START Supplied records
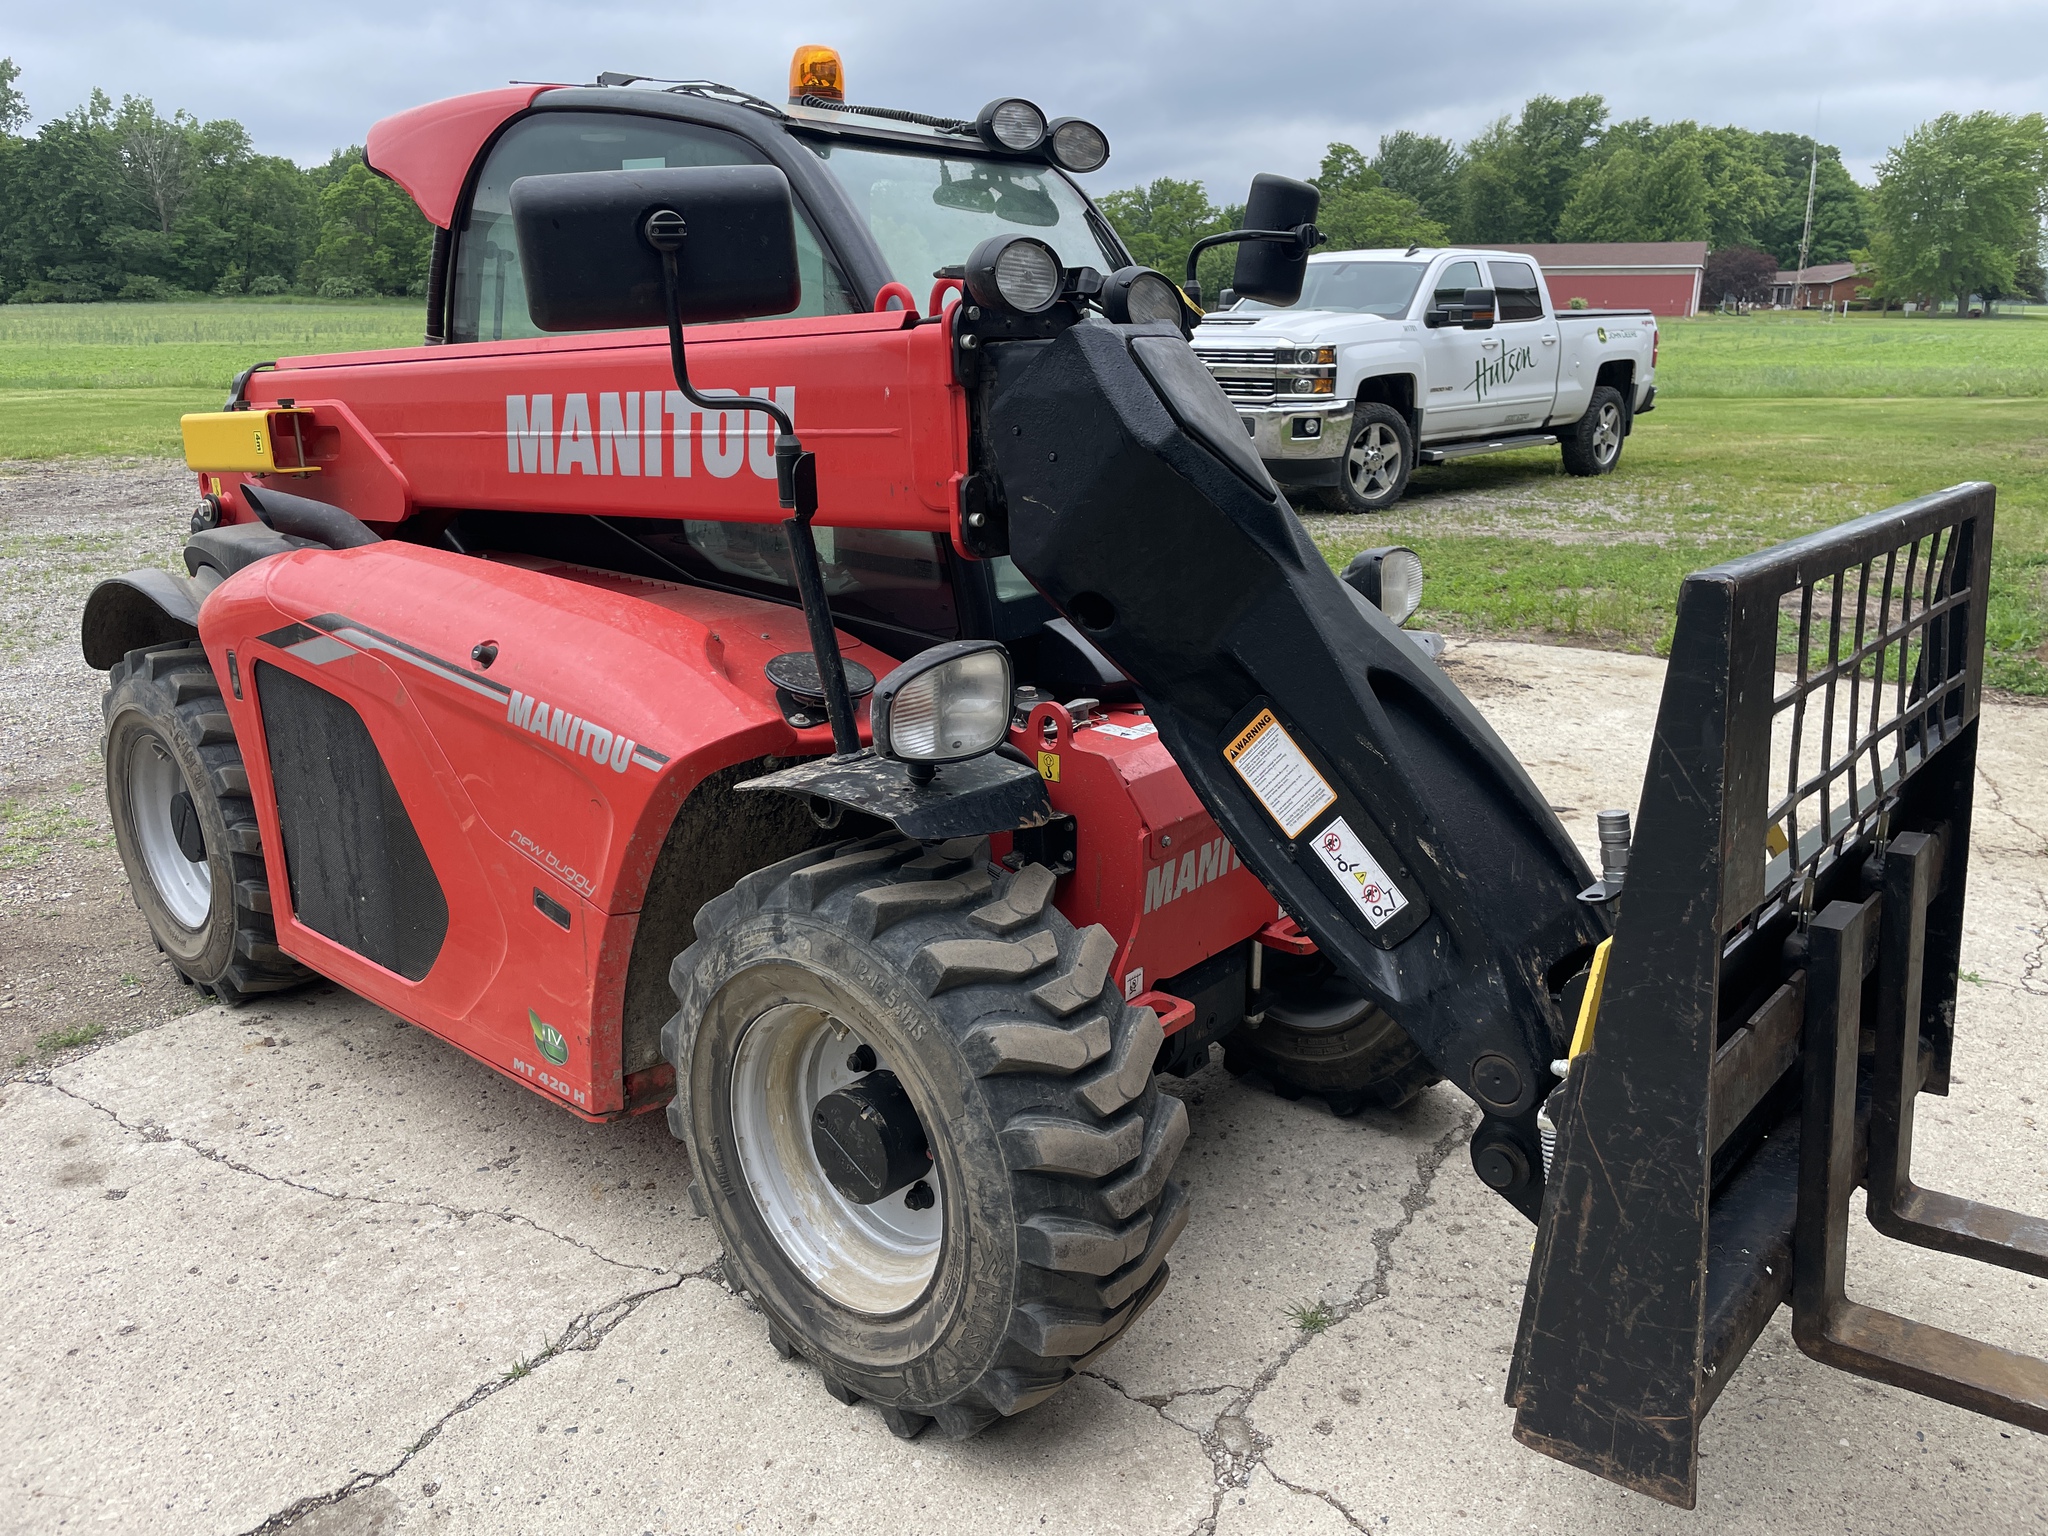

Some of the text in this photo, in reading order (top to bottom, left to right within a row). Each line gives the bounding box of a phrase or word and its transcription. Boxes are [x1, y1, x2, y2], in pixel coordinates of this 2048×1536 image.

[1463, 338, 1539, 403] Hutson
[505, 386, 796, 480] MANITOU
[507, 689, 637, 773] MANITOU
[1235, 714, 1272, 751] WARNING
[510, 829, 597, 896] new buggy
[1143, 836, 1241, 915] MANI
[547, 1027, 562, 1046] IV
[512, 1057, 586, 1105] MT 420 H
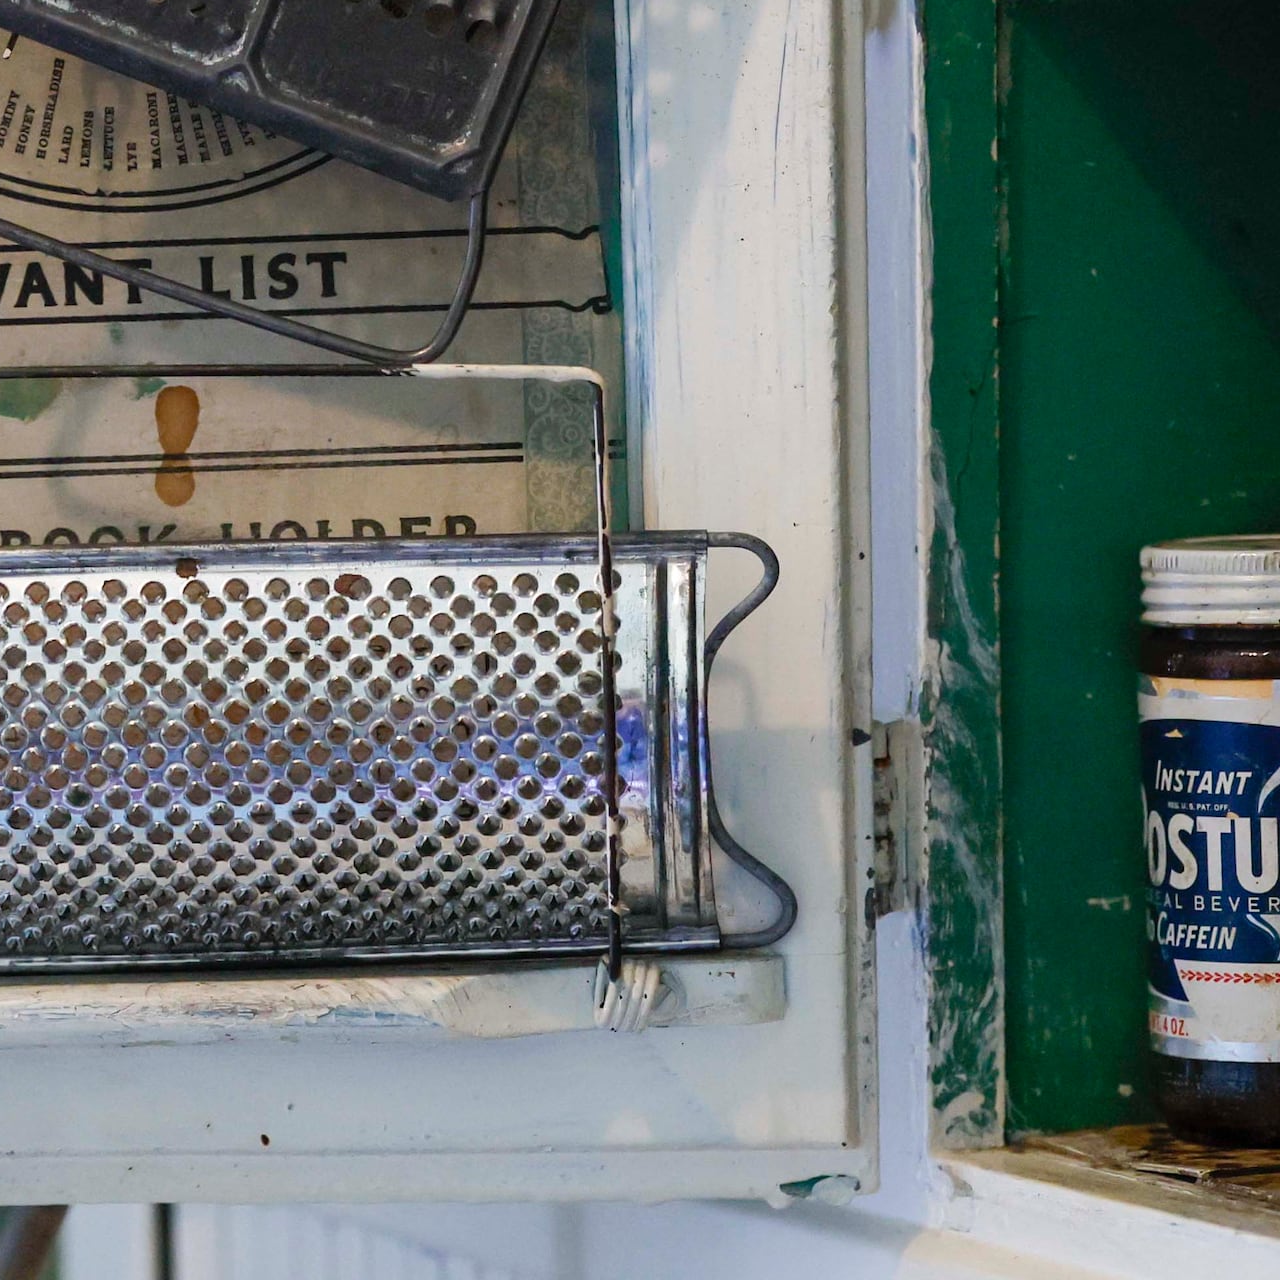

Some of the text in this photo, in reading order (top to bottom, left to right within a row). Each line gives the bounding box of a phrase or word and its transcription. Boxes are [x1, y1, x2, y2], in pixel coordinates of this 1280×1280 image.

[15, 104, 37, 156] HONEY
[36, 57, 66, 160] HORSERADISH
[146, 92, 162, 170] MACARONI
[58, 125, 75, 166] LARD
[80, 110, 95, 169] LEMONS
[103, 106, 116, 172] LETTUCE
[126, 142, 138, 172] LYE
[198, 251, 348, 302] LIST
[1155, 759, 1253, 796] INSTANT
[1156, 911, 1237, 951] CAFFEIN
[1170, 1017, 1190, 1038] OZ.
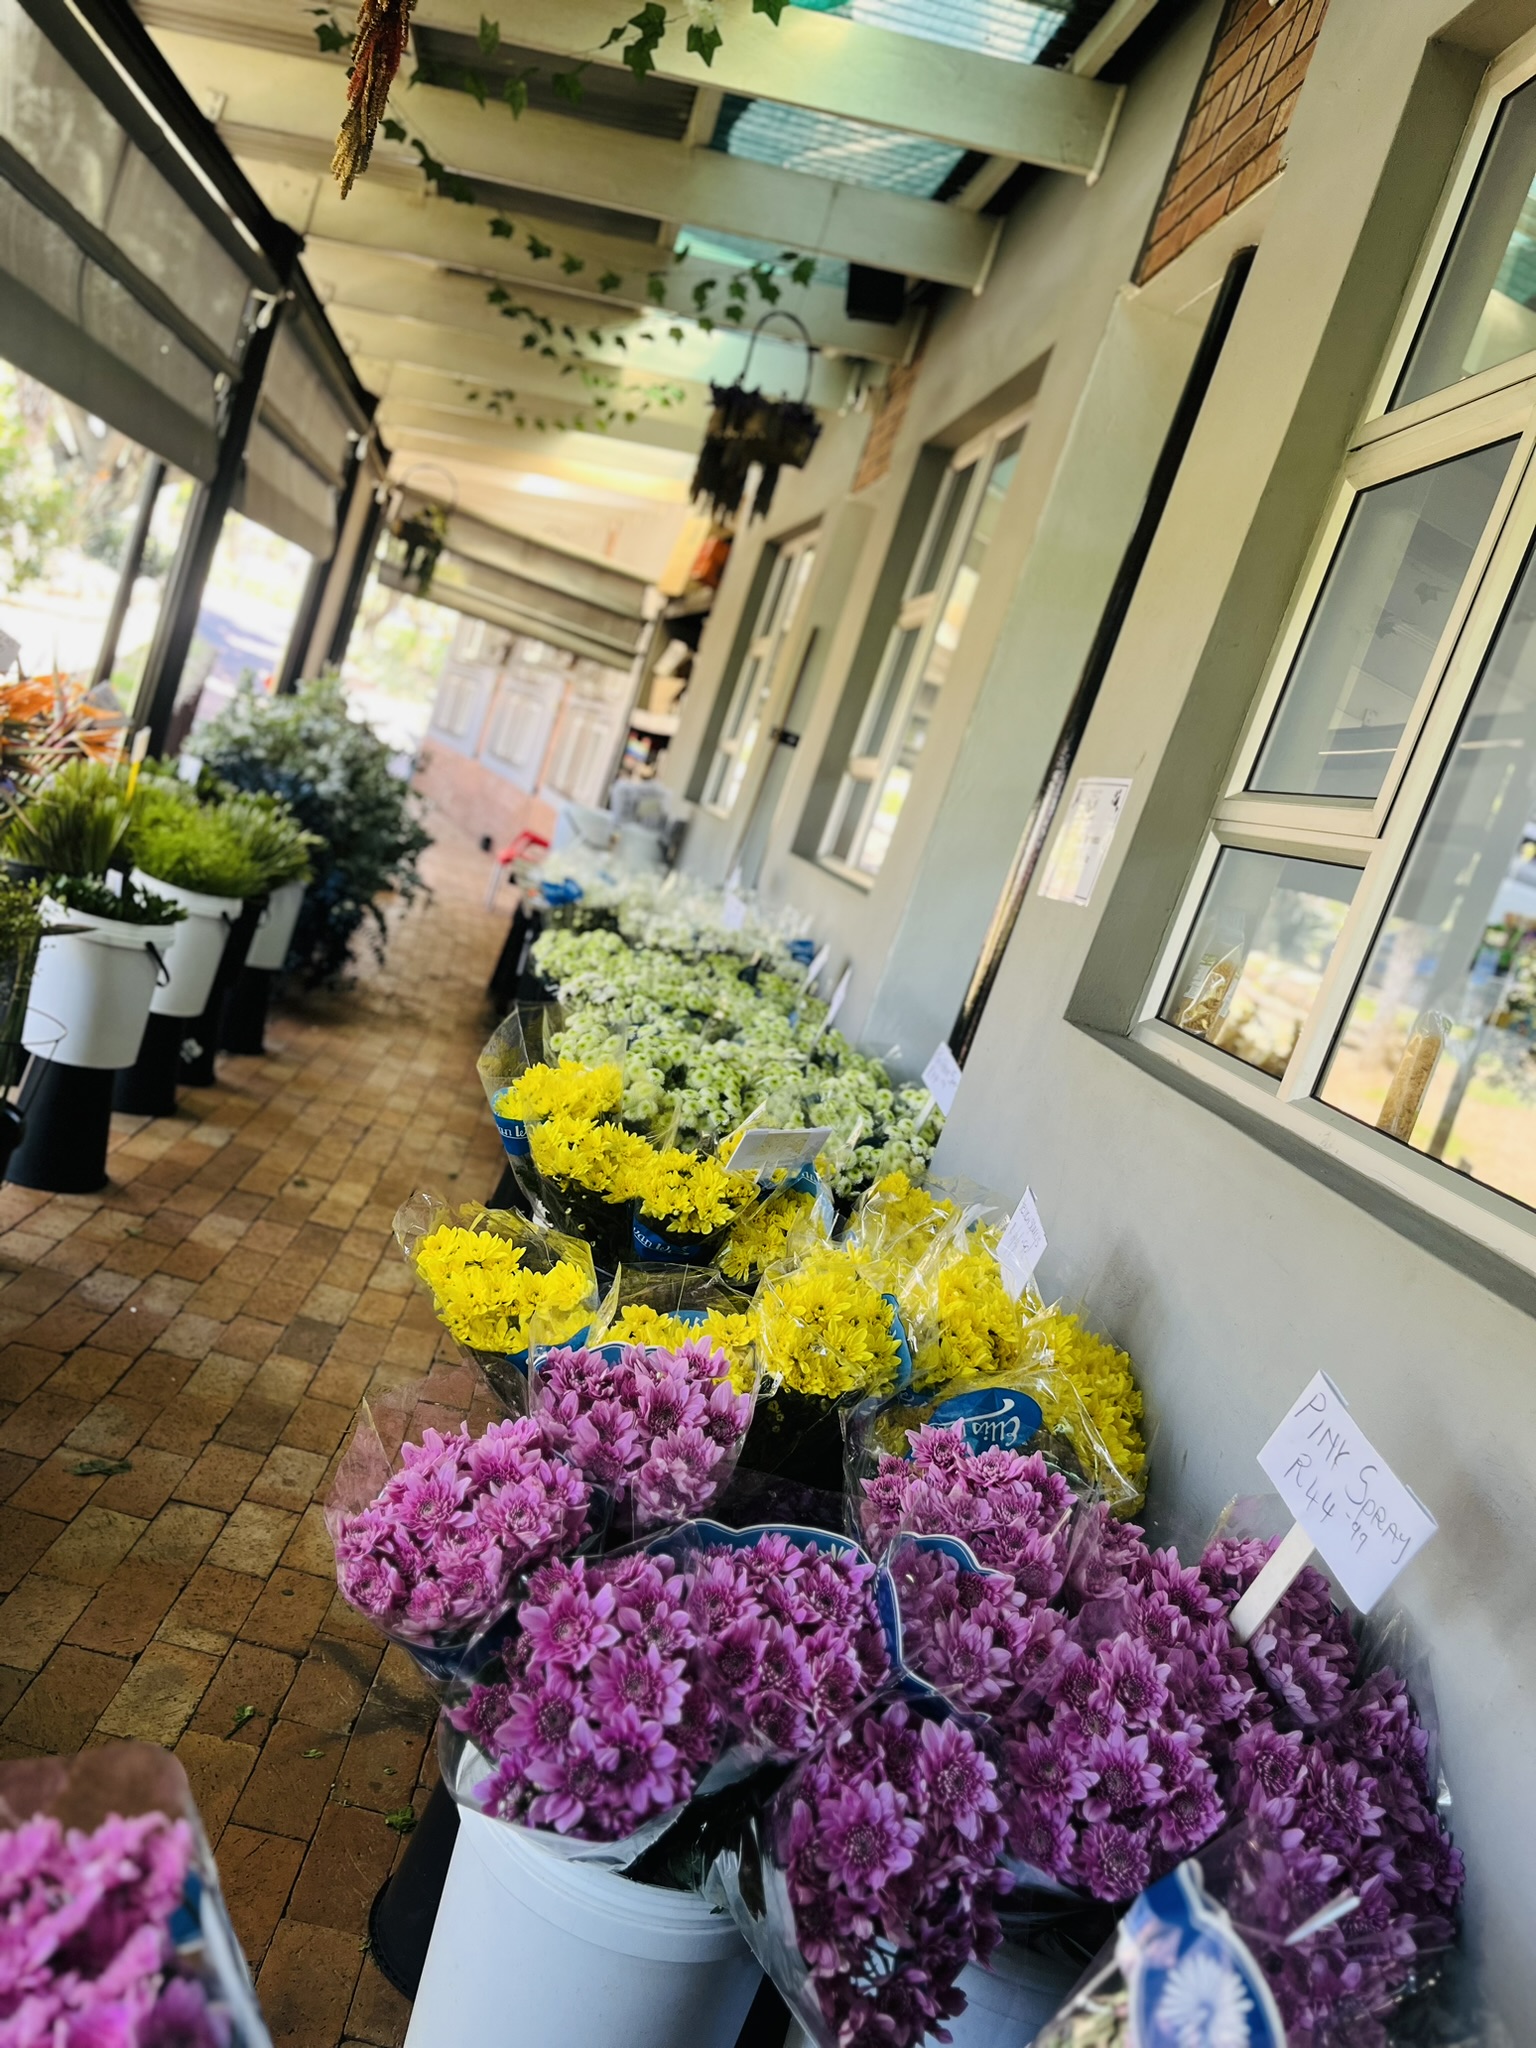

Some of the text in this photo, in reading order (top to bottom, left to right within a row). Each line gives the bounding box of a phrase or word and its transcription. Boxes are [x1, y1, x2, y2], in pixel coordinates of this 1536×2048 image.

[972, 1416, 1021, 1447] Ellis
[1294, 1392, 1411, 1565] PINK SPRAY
END Supplied records
Prompt> Return the data exactly. Pictures stay out.

Answer space>
Some of the text in this photo, in reading order (top to bottom, left to right within a row). Each line gives the bounding box of a phrase or word and its transcription. Boxes are [x1, y1, x2, y2], in pixel coordinates of this 2048×1536 image.

[1463, 338, 1539, 403] Hutson
[505, 386, 796, 480] MANITOU
[507, 689, 637, 773] MANITOU
[1235, 714, 1272, 751] WARNING
[510, 829, 597, 896] new buggy
[1143, 836, 1241, 915] MANI
[547, 1027, 562, 1046] IV
[512, 1057, 586, 1105] MT 420 H

Some of the text in this photo, in reading order (top to bottom, left to right within a row). Each line gives the bounding box of a phrase or word and its transcription. Boxes are [x1, y1, x2, y2], in pixel coordinates of this 1280×1280 image.

[15, 104, 37, 156] HONEY
[36, 57, 66, 160] HORSERADISH
[146, 92, 162, 170] MACARONI
[58, 125, 75, 166] LARD
[80, 110, 95, 169] LEMONS
[103, 106, 116, 172] LETTUCE
[126, 142, 138, 172] LYE
[198, 251, 348, 302] LIST
[1155, 759, 1253, 796] INSTANT
[1156, 911, 1237, 951] CAFFEIN
[1170, 1017, 1190, 1038] OZ.

Some of the text in this photo, in reading order (top to bottom, left to right within a row). Each line gives the bounding box of a phrase or word and its transcription. Boxes are [x1, y1, x2, y2], in pixel coordinates of this 1536×2048 image.

[972, 1416, 1021, 1447] Ellis
[1294, 1392, 1411, 1565] PINK SPRAY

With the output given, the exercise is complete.